Jesse Plamondon-Willard wrote:
Ray Saintonge wrote:
If a proposed amendment fails to meet
community approval criteria it fails, and that's the end of it. It is
not the mandate of a subcommittee to override that. I am well aware of
the problem of inadequate community participation, but community silence
does not mean consent, and without a predetermined minimum level of
community participation no policy or policy amendment should be
considered as approved.
That is incorrect. The language subcommittee was specifically tasked
with formulating and implementing a language subdomain creation
policy. The committee furthermore did not override the community. Some
community members questioned the need for that clause (long after it
was introduced), and failed to achieve any consensus whatsoever on
whether to keep, change, or remove it. As such, no change was made.
Whether committees *should* make decisions or depend on the wider
community to do so is a very different discussion than whether they
*can*.
I can't speak in terms of the factual specifics for the language policy
because I did not follow it as it was developing. I don't see it as
appropriate that a committee would make policies simply because it can.
That's an attitude that distances the committee from the community.
"Override" is probably a stronger word than what I would use in the
circumstances, when the result was based on an absence of consensus.
What really needs to be clarified with respect to any committee is a
demarcation of the committee's job in relation to the community's rights
to decide.
As an aside, I'm a little confused. You say that
committees should not
make or change policies, but you are a member of the Provisional
Volunteer Council. Do you intend the PVC to simply be a proposal mill,
throwing out ideas for the community to debate?

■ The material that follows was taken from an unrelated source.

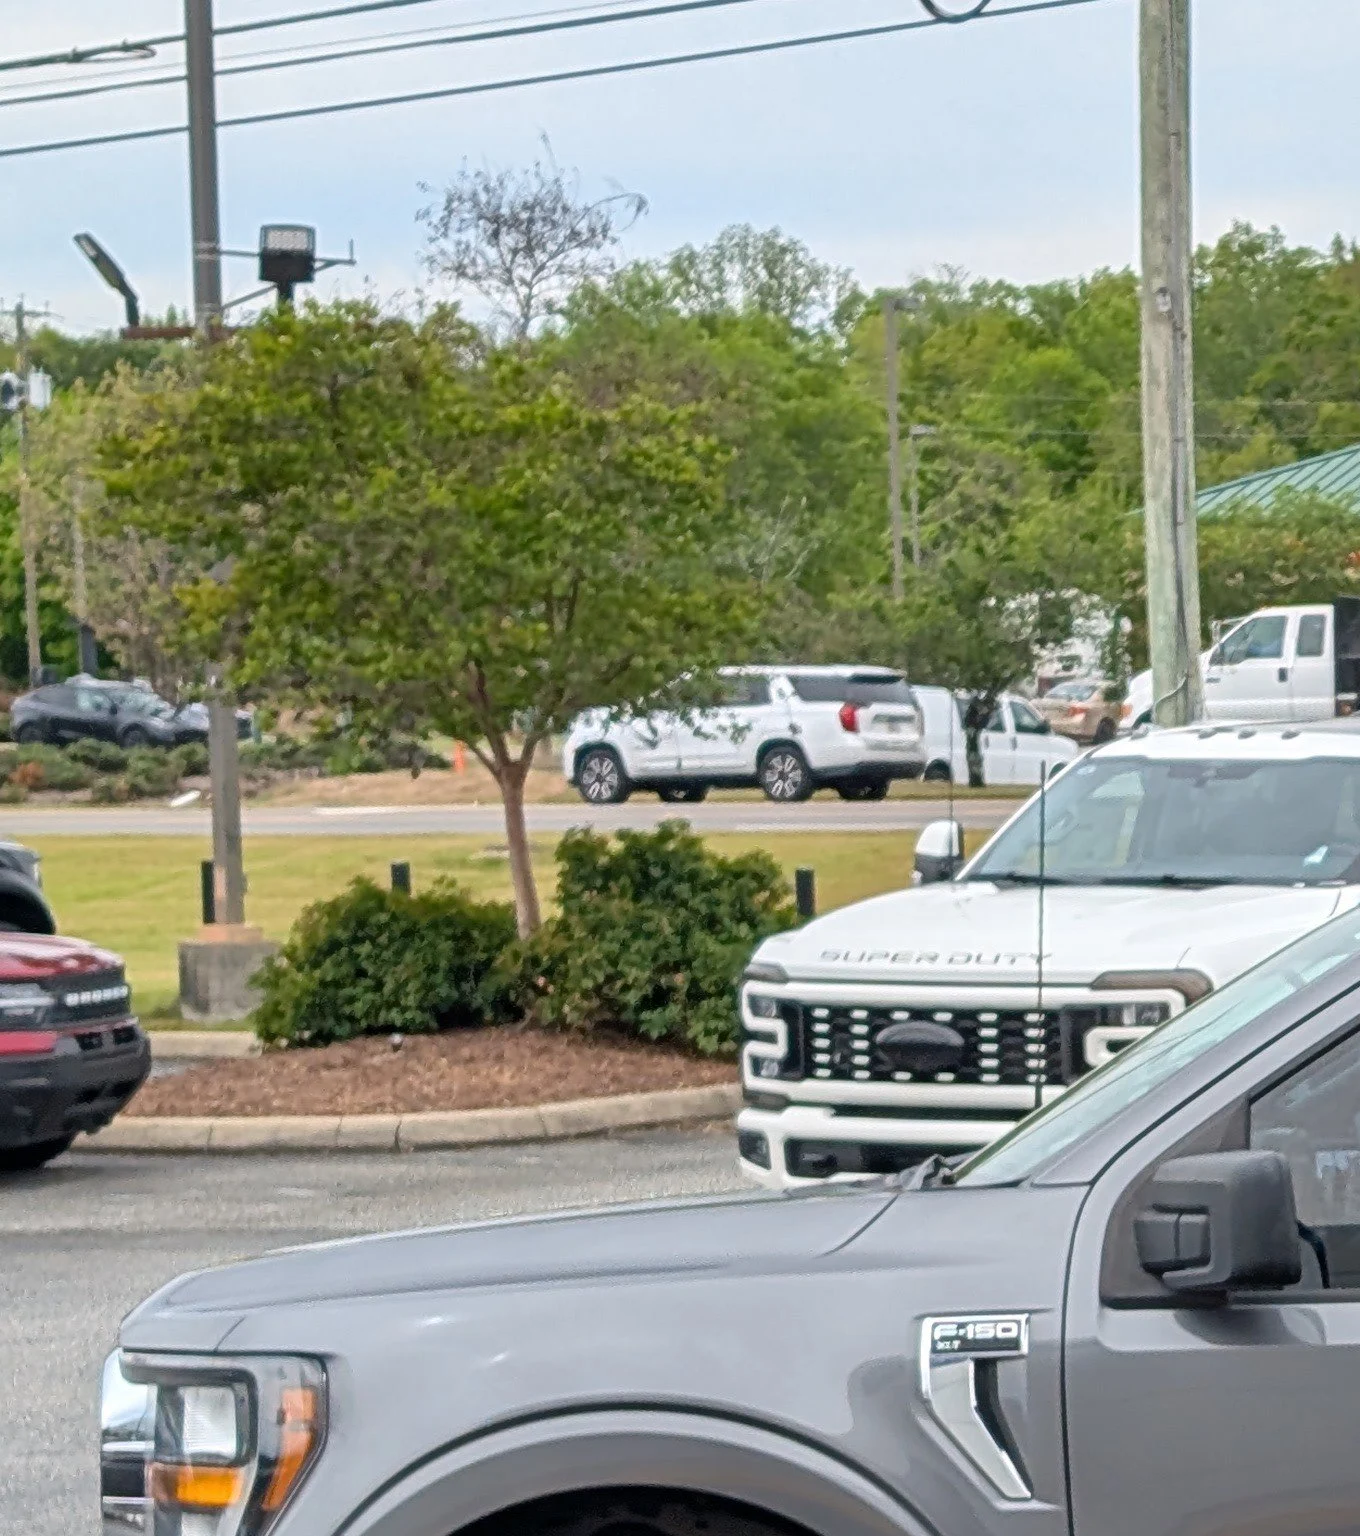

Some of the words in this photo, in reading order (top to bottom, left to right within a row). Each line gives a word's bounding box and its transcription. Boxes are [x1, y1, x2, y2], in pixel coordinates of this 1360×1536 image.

[820, 950, 940, 963] SUPER
[948, 952, 1052, 965] DUTY
[934, 1322, 1018, 1340] F-150

That's an important question. In general I would say more yes than no,
but it's still an important point that needs to be hammered out by all
the PVC. With the number of active projects in Wikimedia the Council
cannot presume to dictate what each of these projects will do. If it
does that it will soon lose credibility and influence among the
communities. Policies need to go back and forth between committee and
community until there is is agreement. The same also applies to any
amendment of existing policy. Naturally there need to be criteria for
what constitutes community agreement.